The fevered debate about gun control that has flared over recent mass shootings across the U.S. echoes the debate heard after John F. Kennedy's assassination 50 years ago, and the language and arguments are jarringly similar.
Nearly every major change to U.S. gun laws has come on the heels of a mass shooting, and the debate on guns in the U.S. raged in 1963 as a dozen firearm bills were introduced in the wake of Kennedy's Nov. 22, 1963 assassination by Lee Harvey Oswald.
The echo of the post-assassination debate came after the spate of mass shootings in the past 15 years, beginning with the massacre at Columbine and through last winter's tragedy in Sandy Hook, Conn. The latter led to proposed gun control legislation that was ultimately defeated.
The call for new gun control laws in 1963 stirred gun rights advocates of the era, including the National Rifle Association (NRA), to respond. According to an ABC News report in the days after Kennedy's murder, the NRA stated "that gun restriction laws penalize the honest man and protect the criminal element. Even if you did ban all guns, criminals will find a way to get them."
Similarly, after the Sandy Hook shooting, NRA Executive Vice President Wayne LaPierre said that laws for gun-free school zones "tell every insane killer in America that schools are their safest place to inflict maximum mayhem with minimum risk."
Oswald had purchased his rifle, a Mannlicher-Carcano, for $12.78 through an ad placed in the NRA's American Rifleman magazine by a Chicago mail order house. A ban was introduced by Thomas Dodd, D-Conn., following Kennedy's assassination on mail order sales of rifles and shotguns. It wasn't until just after Robert Kennedy was killed in 1968 that President Lyndon B. Johnson signed the Gun Control Act into law, banning mail order sales of rifles and shotguns and prohibiting most felons, drug users and people found mentally incompetent from buying guns.

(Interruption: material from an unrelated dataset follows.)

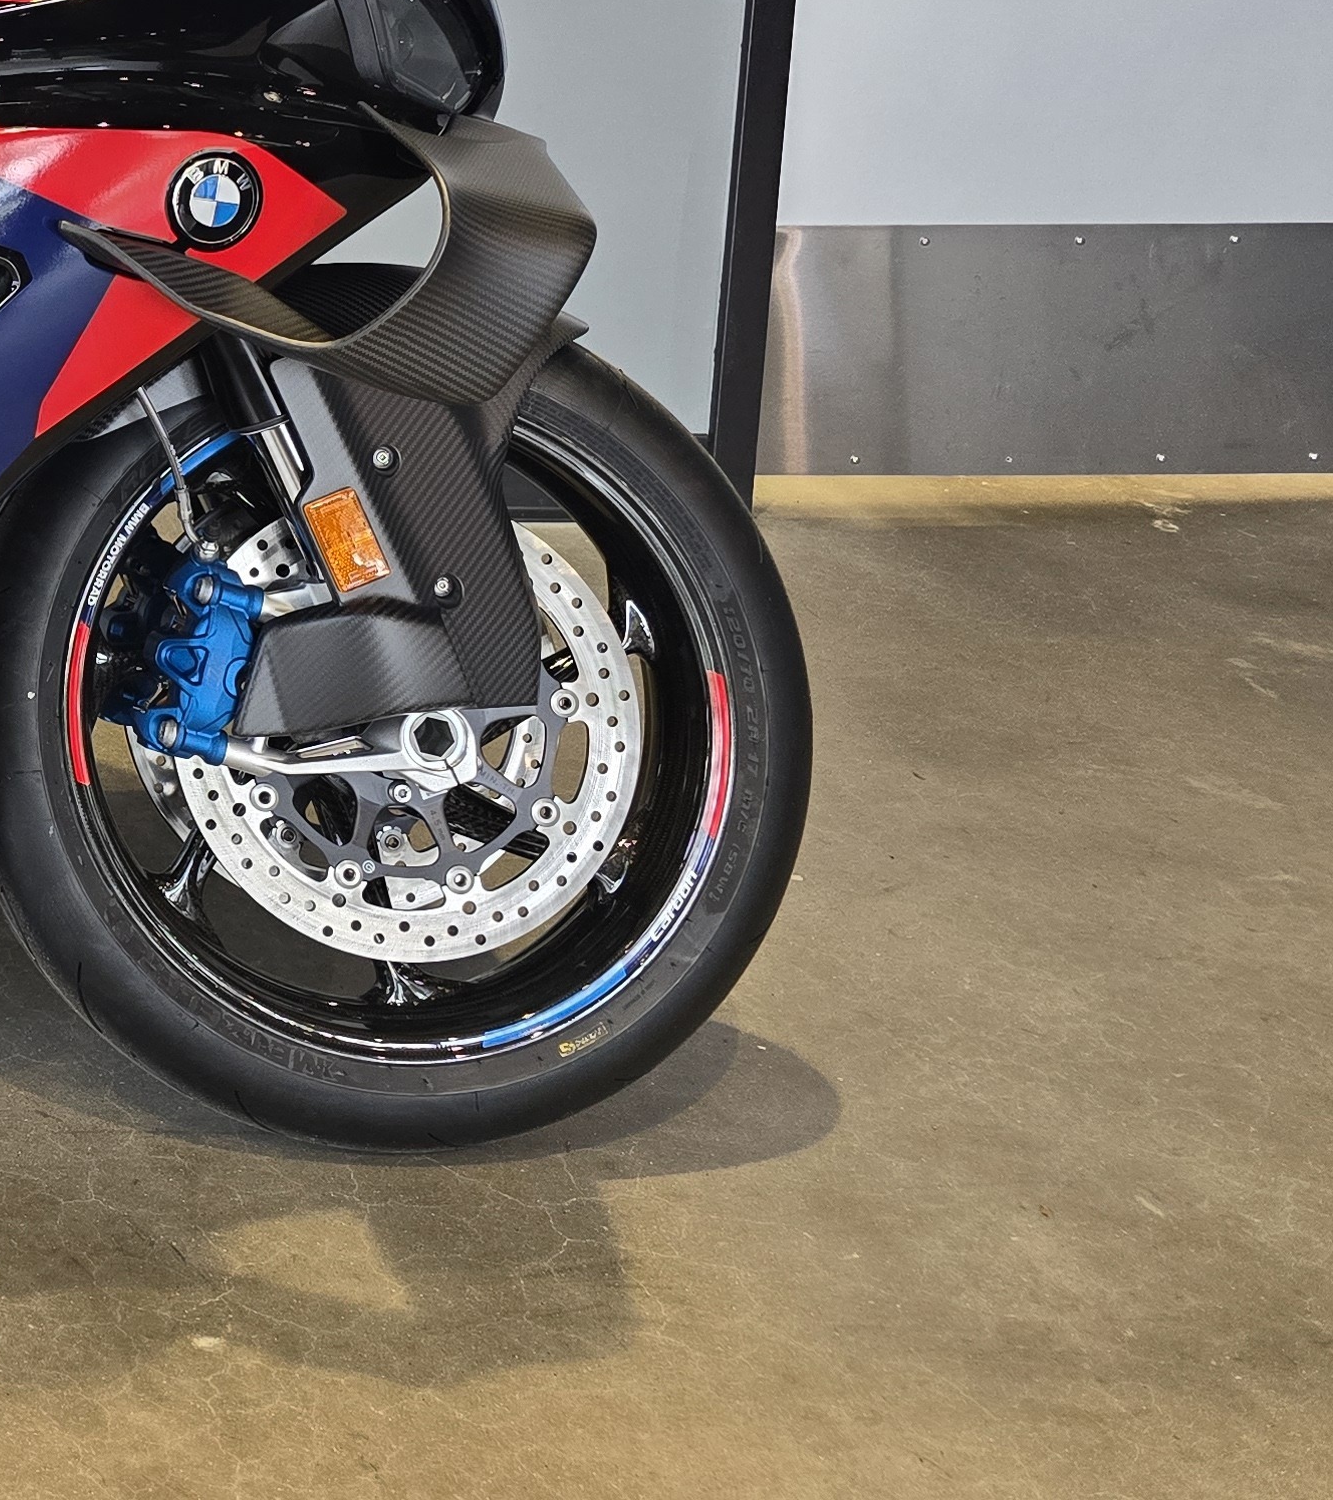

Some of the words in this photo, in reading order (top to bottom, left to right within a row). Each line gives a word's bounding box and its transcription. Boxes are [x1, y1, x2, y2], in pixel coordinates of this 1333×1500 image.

[186, 159, 252, 191] BMW
[124, 502, 151, 536] BMW
[87, 533, 128, 607] MOTORRAD

At the time of Kennedy's assassination, 14 states required citizens to have a permit to carry a pistol or keep it in their homes. Gun laws have tightened since 1963, and today open carry laws still vary from state to state, with six states fully prohibiting the open carry of guns. A total of 12 states currently allow open carry without a permit, and 13 require some sort of permit from the gun owner. The remaining 17 states rely on local laws or have other restrictions in practice.
Though it continuously hits obstacles, the ongoing battle for gun control in America was summed by President Obama the day after the legislation that grew out of the Sandy Hook Elementary School massacre failed: "this effort is not over."